Both Jones and Sampson advocated for a more widespread national testing strategy for the coronavirus to slow the infection rate. Jones urges a turn away from a clinical health care approach that narrowly focuses on confirming a COVID-19 diagnosis for those who are sick to a broader public health, population-based strategy that tests not only those with symptoms, but also a sample of those who are asymptomatic. Such a step, she argues, could alter the course of the epidemic.

“Having that good sense of the extent of the disease will help you know where you have to deploy the health care resources in the weeks and months ahead, as well as isolate asymptomatic spreaders and their contacts,” Jones said. “And decreasing the spread of COVID-19 will be good for everybody, but especially those who are more exposed, less protected, with higher chronic disease burdens and fewer health care resources.”

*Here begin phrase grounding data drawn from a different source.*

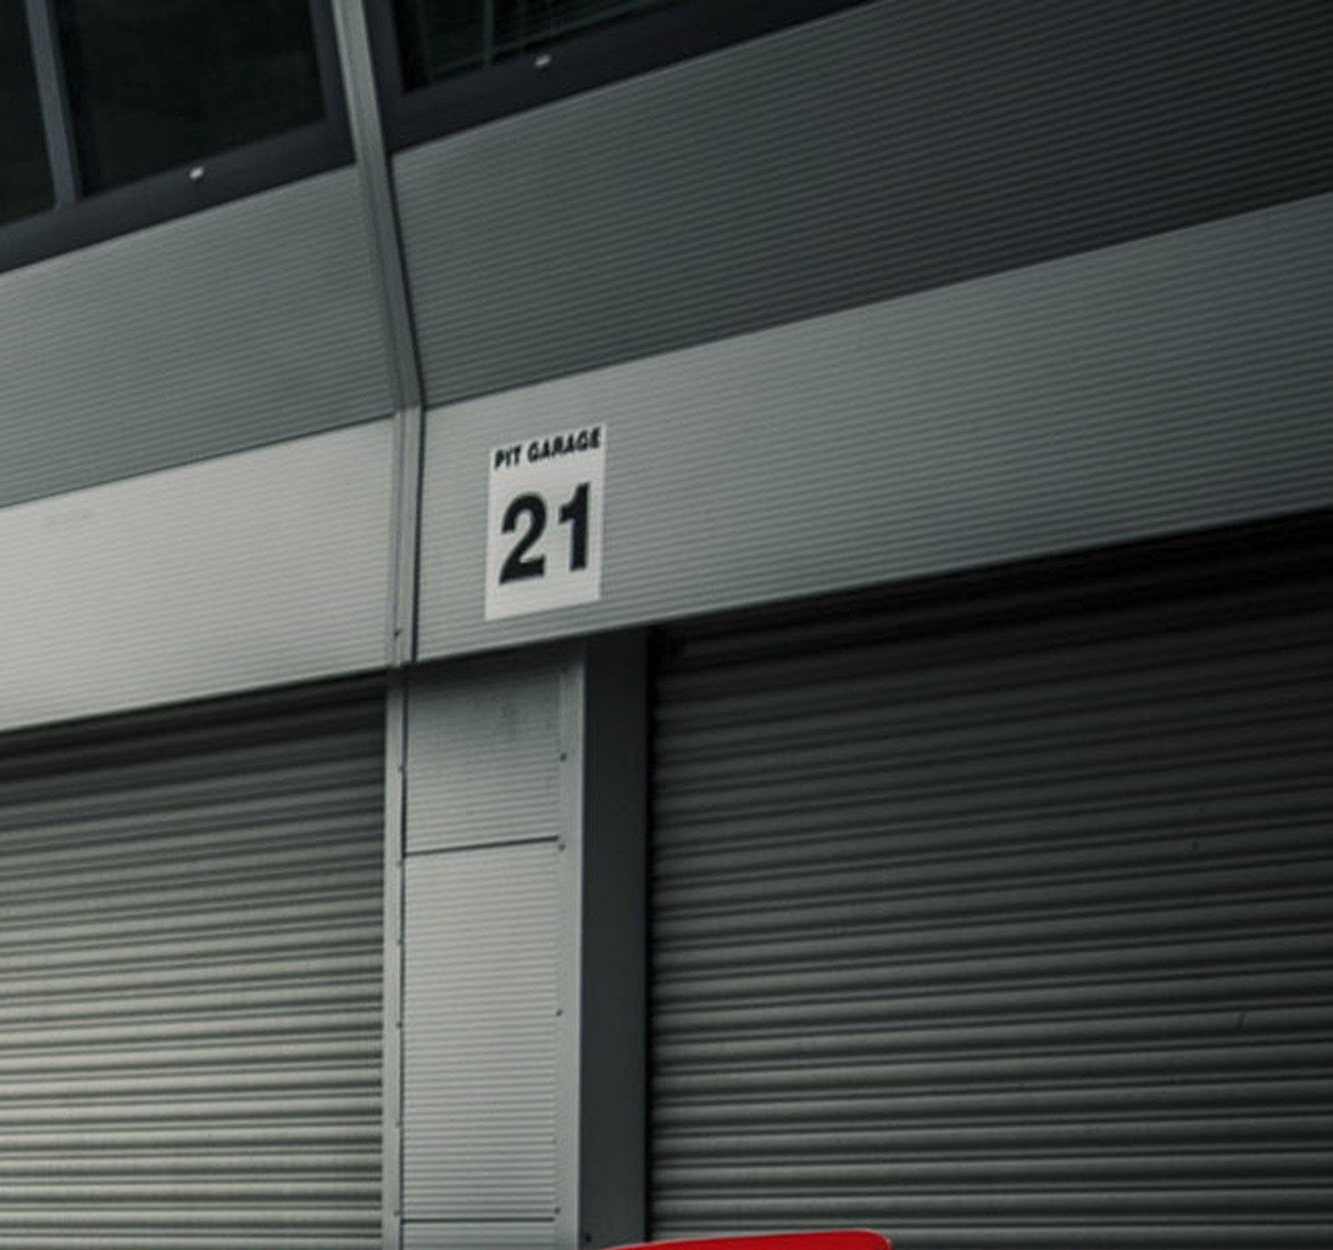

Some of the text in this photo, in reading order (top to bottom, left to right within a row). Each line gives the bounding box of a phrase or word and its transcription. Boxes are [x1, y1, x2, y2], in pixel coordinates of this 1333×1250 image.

[494, 427, 600, 469] PIT GARAGE
[499, 482, 590, 585] 21
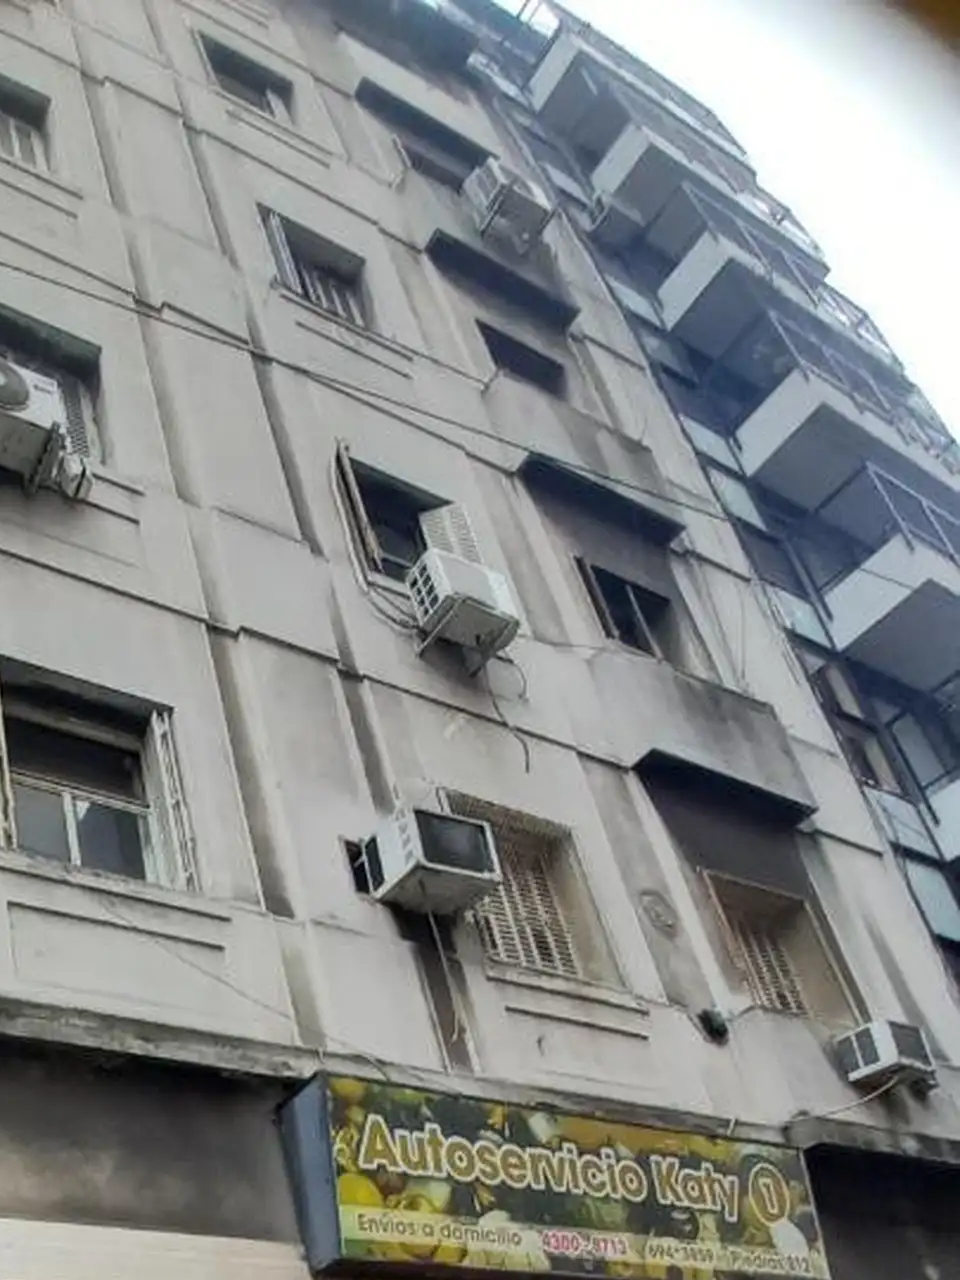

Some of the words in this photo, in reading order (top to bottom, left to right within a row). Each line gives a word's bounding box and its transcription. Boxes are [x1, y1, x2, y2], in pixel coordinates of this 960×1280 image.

[359, 1113, 647, 1202] Autoservicio
[651, 1155, 737, 1222] Katy
[440, 1221, 522, 1247] domicilio

To help drive change forward, Williams urges scholars to engage with policymakers. “I hope those of us in academia can work with those in policy circles to try to gain momentum, to say, ‘We have a problem as a nation; we can do better; we must do better,’” said Williams.

Hammonds also sees the need for academic engagement.

“There’s a lot of information available to people who are well-educated, who can understand the sort of analytical framework in which we come to these questions,” said Hammonds. “But it’s not well understood at the level of the high school curriculum, or the undergraduate curriculum, or even graduate school curriculum outside of professional schools of public health. So it seems to me that there’s a lot of information that is siloed that needs to be much more expanded.”

In a sign of possible movement in that direction, Vice President Mike Pence and Surgeon General Jerome Adams held a conference call last Friday with hundreds of leaders of the African America community to discuss the alarming statistics. The government is working on increased testing and outreach efforts to communities of color, Adams said after the call, and on increased social and financial supports.